What this task involves :: Repeat each record exactly, skipping the pictures.

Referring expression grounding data
————————
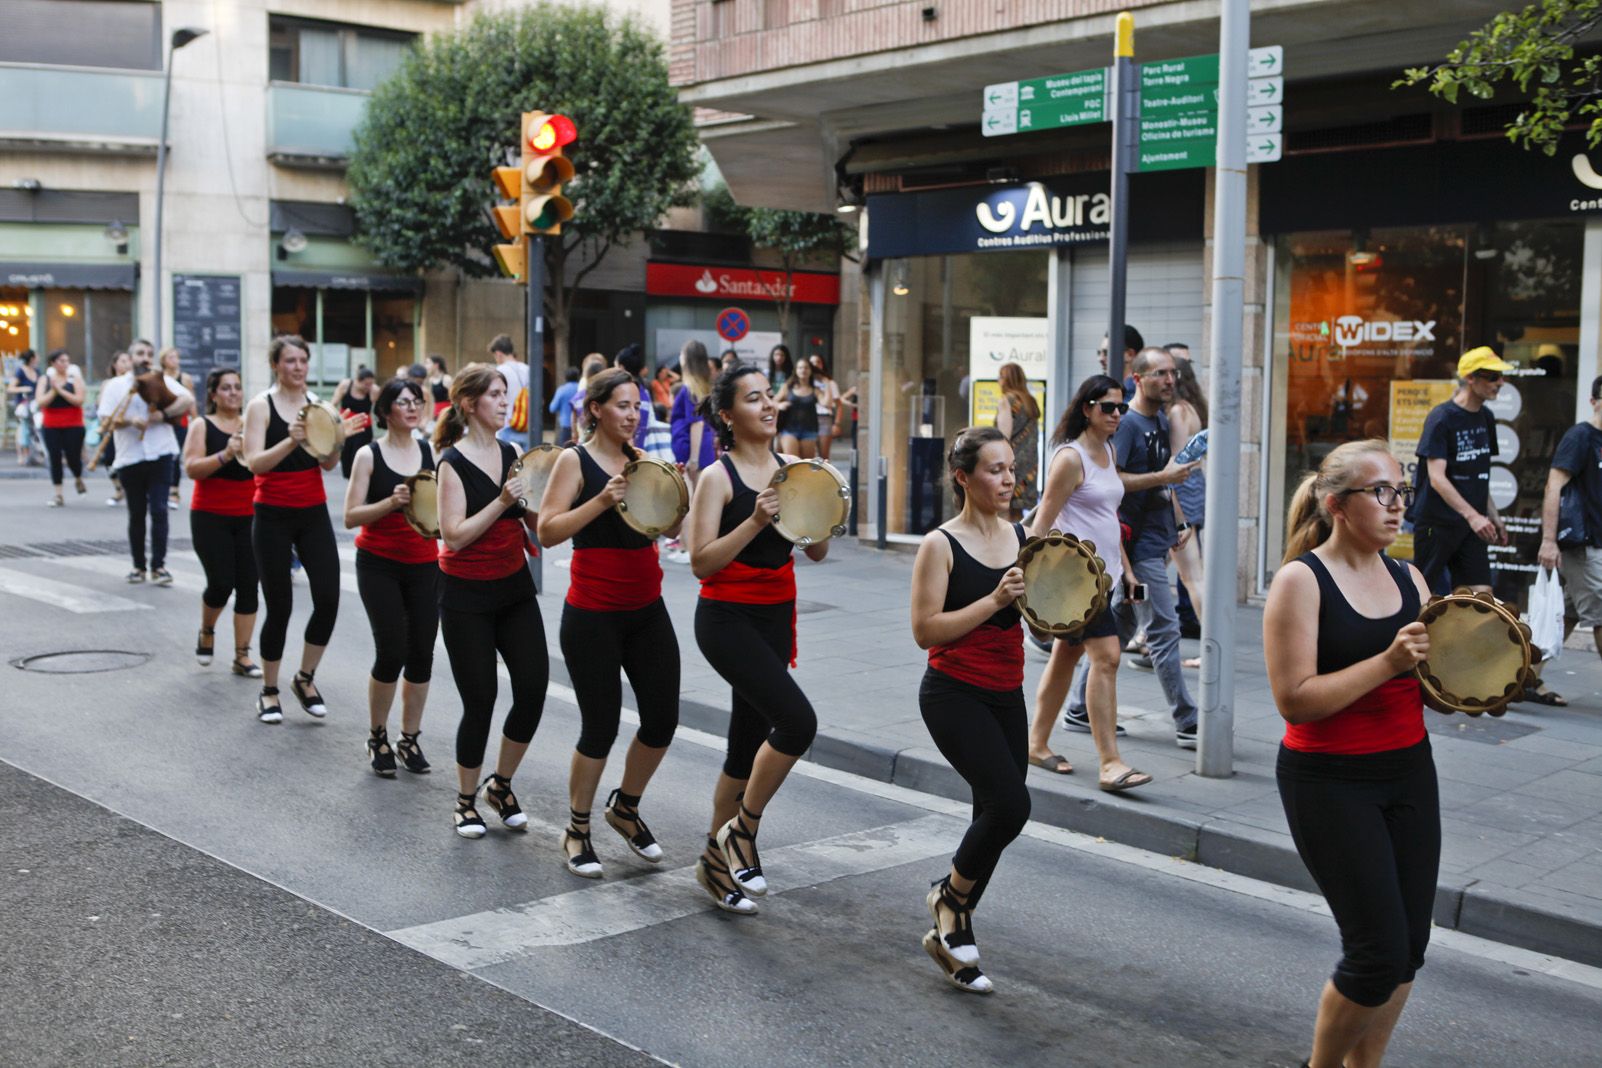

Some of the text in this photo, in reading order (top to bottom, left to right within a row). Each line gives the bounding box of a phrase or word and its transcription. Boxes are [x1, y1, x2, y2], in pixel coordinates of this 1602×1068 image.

[1143, 63, 1185, 75] Parc Rural
[1045, 80, 1070, 89] Museu
[1071, 76, 1082, 84] del
[1143, 75, 1189, 86] Torre Negra
[1050, 85, 1103, 98] Contemporani
[1143, 94, 1204, 108] Teatre-Auditori
[1079, 111, 1101, 120] Millet
[1141, 117, 1207, 130] Monestir-Museu
[1141, 128, 1214, 141] Oficina de turisme
[1141, 152, 1188, 164] Ajuntament
[1020, 181, 1111, 230] Aura
[1569, 198, 1602, 211] Cent
[977, 231, 1111, 248] Centres Auditius Professiona
[719, 274, 797, 297] Santander
[1335, 315, 1436, 346] WIDEX
[1008, 347, 1046, 361] Aural
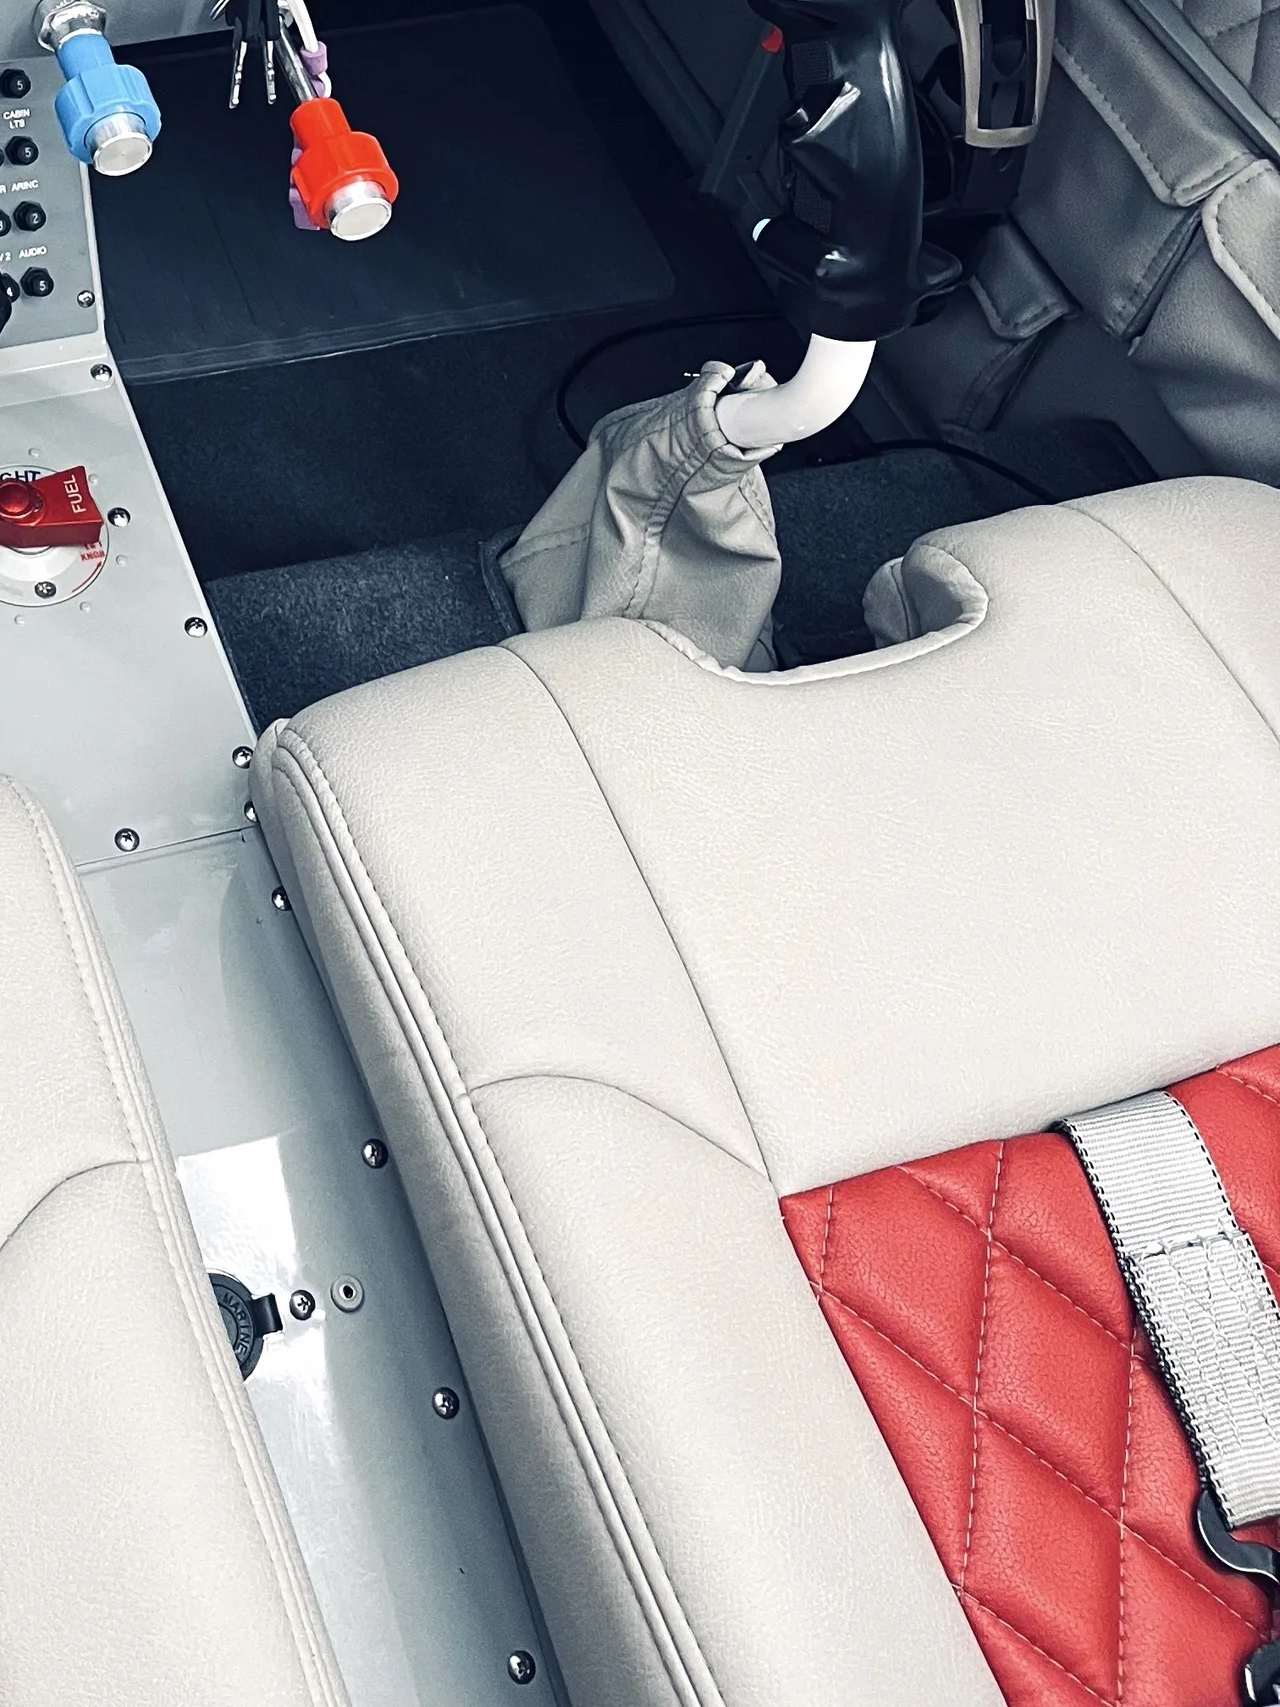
————————
Result for this exercise ::
Some of the text in this photo, in reading order (top to bottom, left to right within a row). Each line gives the bounding box of a phrase or word and its transcription. Boxes are [x1, y1, x2, y2], in pixel coordinates of this 1602×1068 image.

[1143, 63, 1185, 75] Parc Rural
[1045, 80, 1070, 89] Museu
[1071, 76, 1082, 84] del
[1143, 75, 1189, 86] Torre Negra
[1050, 85, 1103, 98] Contemporani
[1143, 94, 1204, 108] Teatre-Auditori
[1079, 111, 1101, 120] Millet
[1141, 117, 1207, 130] Monestir-Museu
[1141, 128, 1214, 141] Oficina de turisme
[1141, 152, 1188, 164] Ajuntament
[1020, 181, 1111, 230] Aura
[1569, 198, 1602, 211] Cent
[977, 231, 1111, 248] Centres Auditius Professiona
[719, 274, 797, 297] Santander
[1335, 315, 1436, 346] WIDEX
[1008, 347, 1046, 361] Aural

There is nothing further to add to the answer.